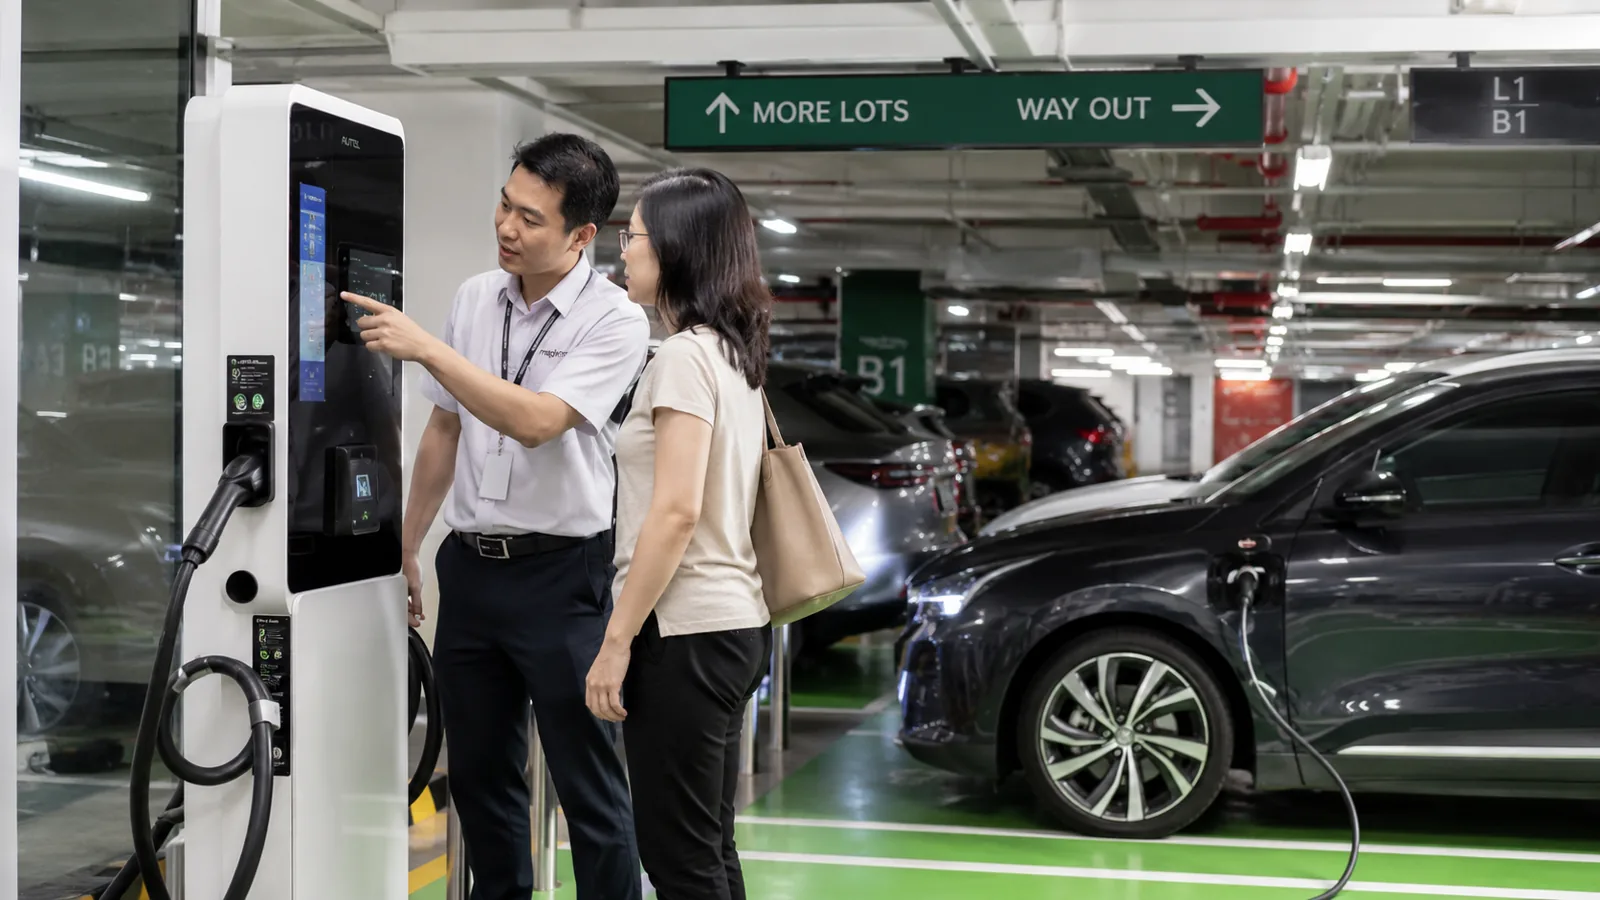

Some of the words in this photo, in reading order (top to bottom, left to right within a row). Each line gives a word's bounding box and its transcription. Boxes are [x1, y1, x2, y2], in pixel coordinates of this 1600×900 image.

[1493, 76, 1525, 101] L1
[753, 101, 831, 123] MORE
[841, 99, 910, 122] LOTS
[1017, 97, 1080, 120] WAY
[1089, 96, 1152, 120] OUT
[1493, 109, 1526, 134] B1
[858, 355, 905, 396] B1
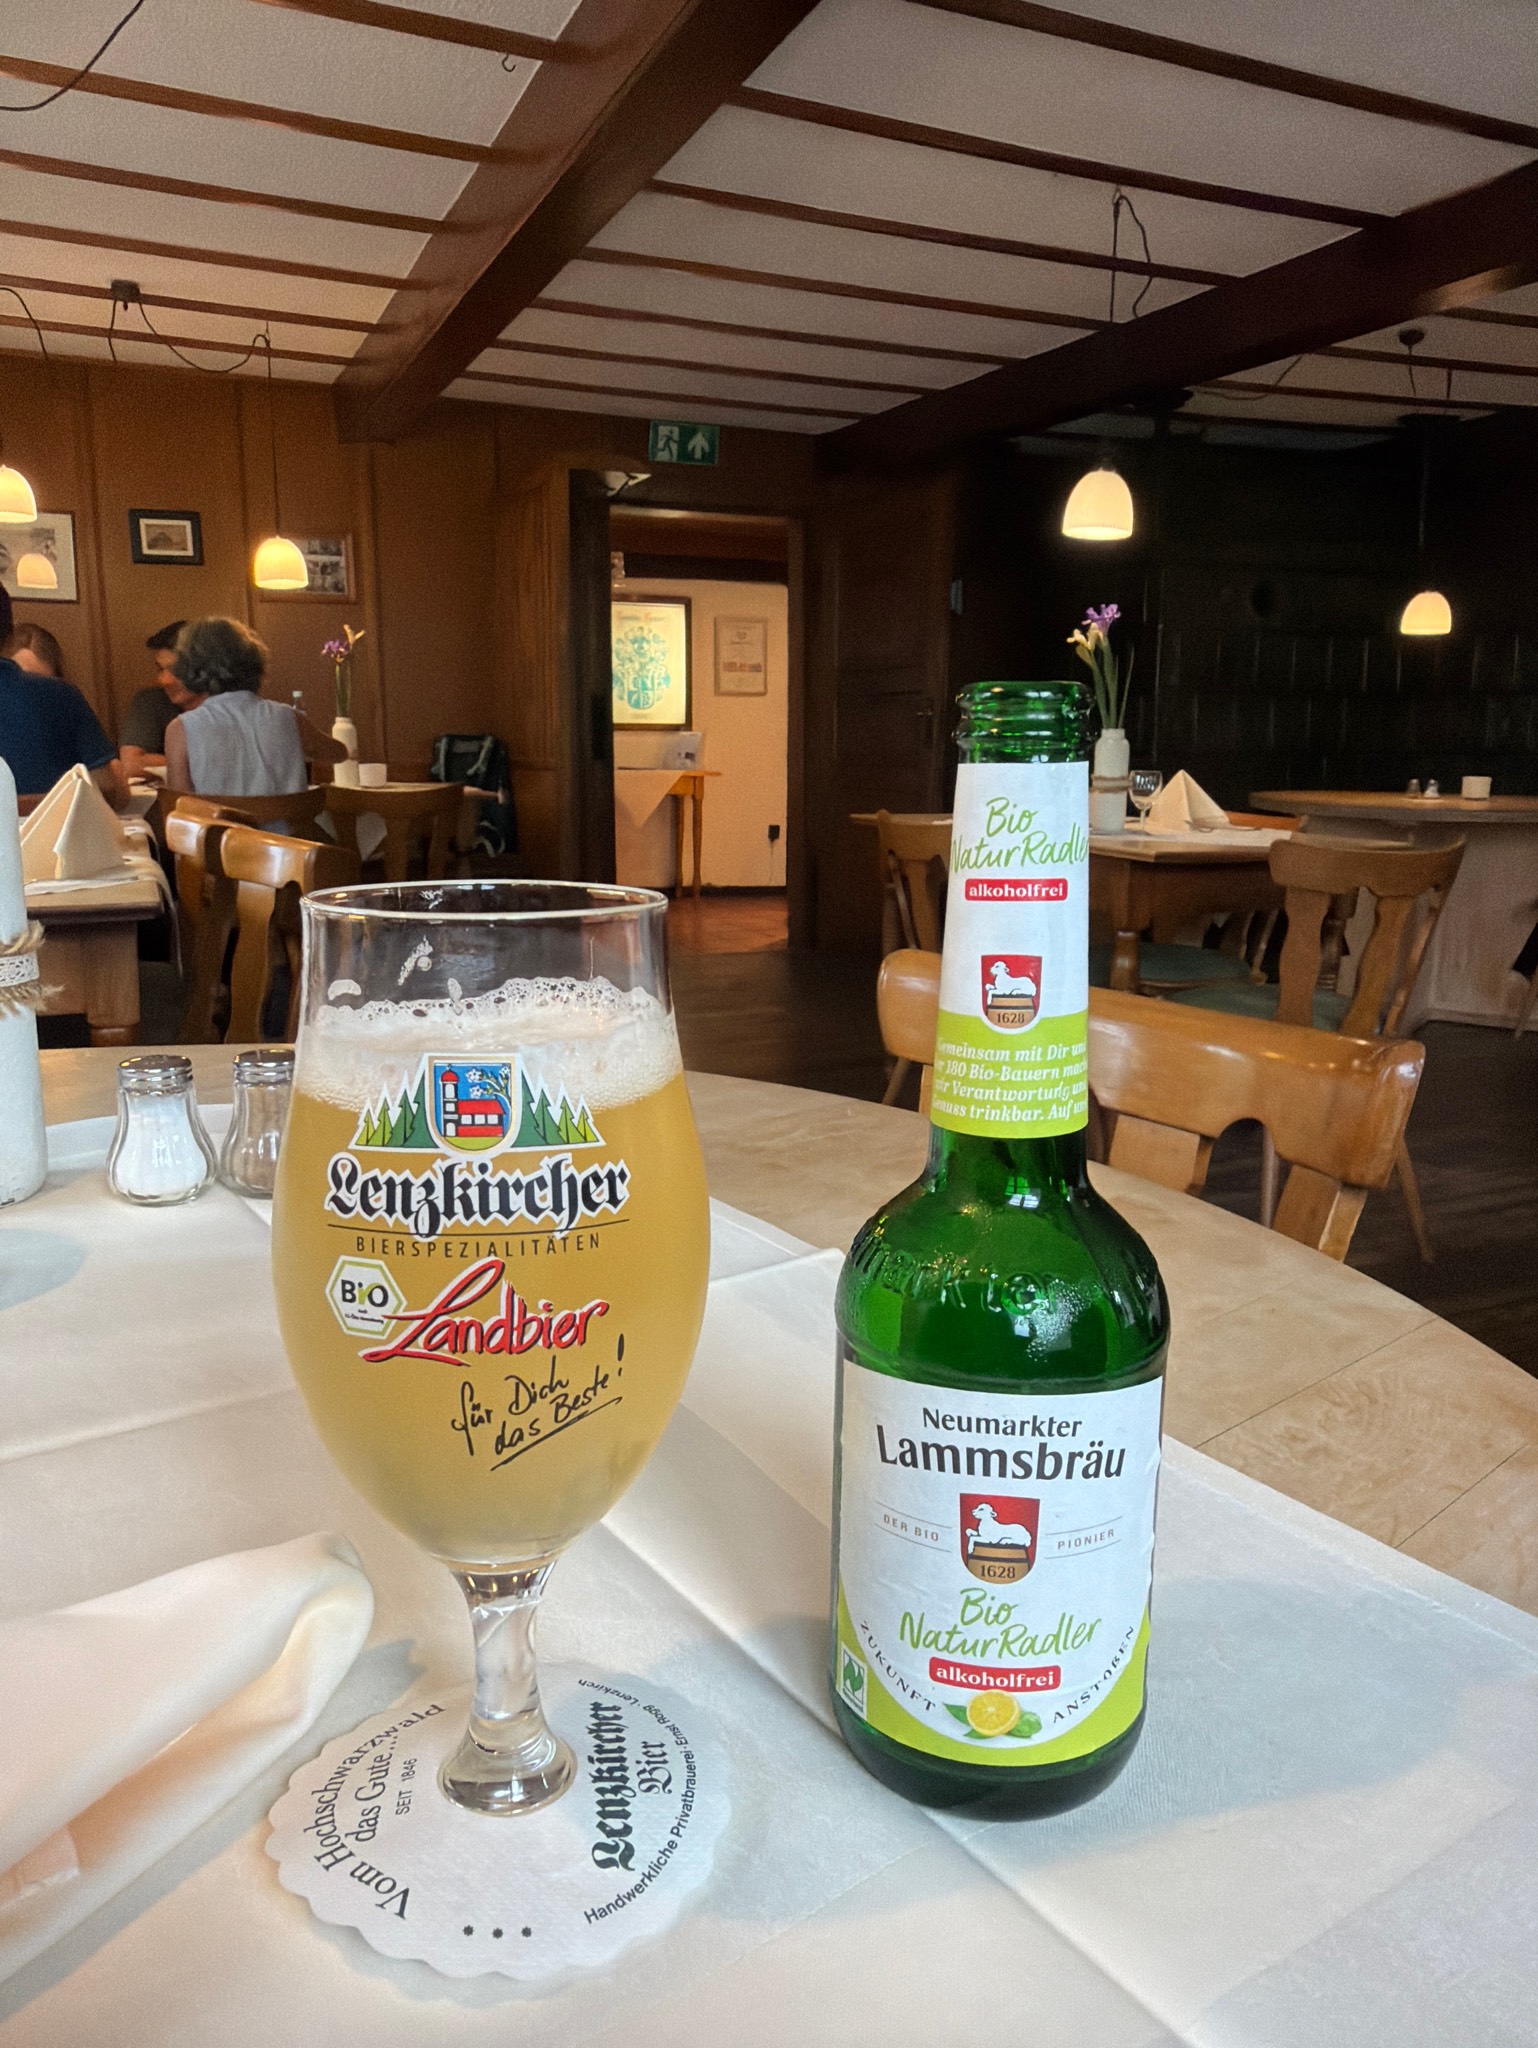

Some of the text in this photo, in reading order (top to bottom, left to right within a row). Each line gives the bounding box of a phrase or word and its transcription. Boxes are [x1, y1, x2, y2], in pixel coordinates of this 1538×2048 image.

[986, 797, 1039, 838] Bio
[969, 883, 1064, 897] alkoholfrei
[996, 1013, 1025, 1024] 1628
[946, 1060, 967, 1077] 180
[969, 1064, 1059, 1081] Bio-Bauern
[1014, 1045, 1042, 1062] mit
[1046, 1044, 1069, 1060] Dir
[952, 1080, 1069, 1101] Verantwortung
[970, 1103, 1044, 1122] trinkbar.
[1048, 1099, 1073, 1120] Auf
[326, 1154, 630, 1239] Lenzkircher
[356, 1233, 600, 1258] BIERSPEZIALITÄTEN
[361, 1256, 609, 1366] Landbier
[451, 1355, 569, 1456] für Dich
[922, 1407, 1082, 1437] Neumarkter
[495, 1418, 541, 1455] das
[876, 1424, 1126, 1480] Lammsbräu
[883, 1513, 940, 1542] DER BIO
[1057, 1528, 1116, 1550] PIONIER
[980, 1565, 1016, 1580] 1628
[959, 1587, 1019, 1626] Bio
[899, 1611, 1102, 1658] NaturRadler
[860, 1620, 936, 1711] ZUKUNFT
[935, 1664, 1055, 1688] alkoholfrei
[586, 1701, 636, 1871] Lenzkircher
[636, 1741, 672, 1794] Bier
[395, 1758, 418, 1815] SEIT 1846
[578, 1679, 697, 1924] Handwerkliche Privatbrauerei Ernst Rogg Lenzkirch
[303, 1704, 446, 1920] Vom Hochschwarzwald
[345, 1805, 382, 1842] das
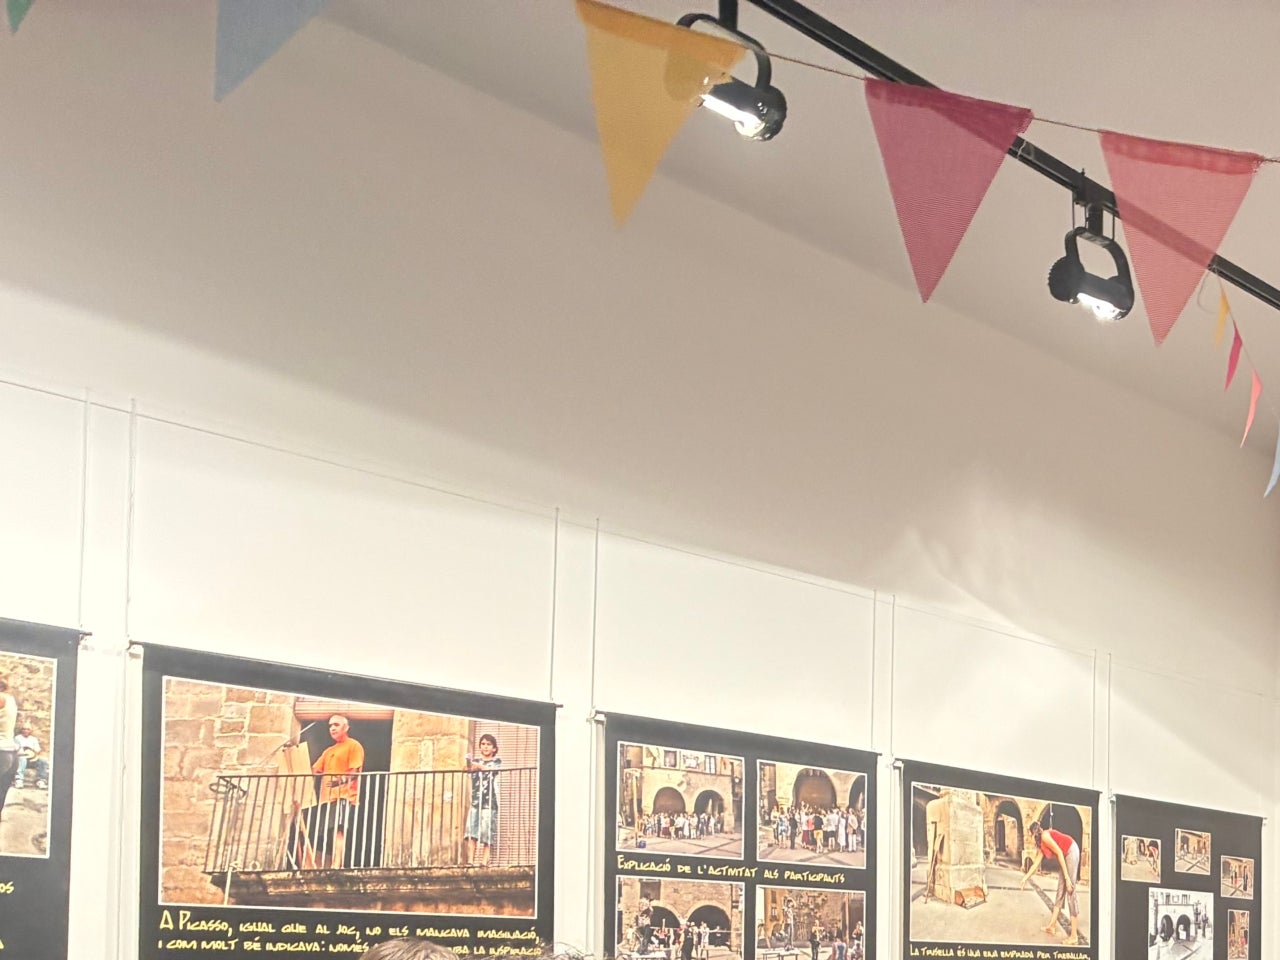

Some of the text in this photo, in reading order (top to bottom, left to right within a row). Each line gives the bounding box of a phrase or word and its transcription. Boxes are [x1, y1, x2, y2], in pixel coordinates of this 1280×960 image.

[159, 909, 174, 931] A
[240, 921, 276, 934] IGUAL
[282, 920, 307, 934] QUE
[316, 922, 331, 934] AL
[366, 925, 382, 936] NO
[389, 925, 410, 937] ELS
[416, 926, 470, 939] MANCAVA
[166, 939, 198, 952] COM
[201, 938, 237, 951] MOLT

※

WORK ORDER: Reproduce the line containing "this 1280×960 image." and every line after it. Stop at the last line of the records, and add nothing.

OUTPUT OF THE EXERCISE:
Some of the text in this photo, in reading order (top to bottom, left to right within a row). Each line gives the bounding box of a phrase or word and its transcription. Boxes are [x1, y1, x2, y2], in pixel coordinates of this 1280×960 image.

[159, 909, 174, 931] A
[240, 921, 276, 934] IGUAL
[282, 920, 307, 934] QUE
[316, 922, 331, 934] AL
[366, 925, 382, 936] NO
[389, 925, 410, 937] ELS
[416, 926, 470, 939] MANCAVA
[166, 939, 198, 952] COM
[201, 938, 237, 951] MOLT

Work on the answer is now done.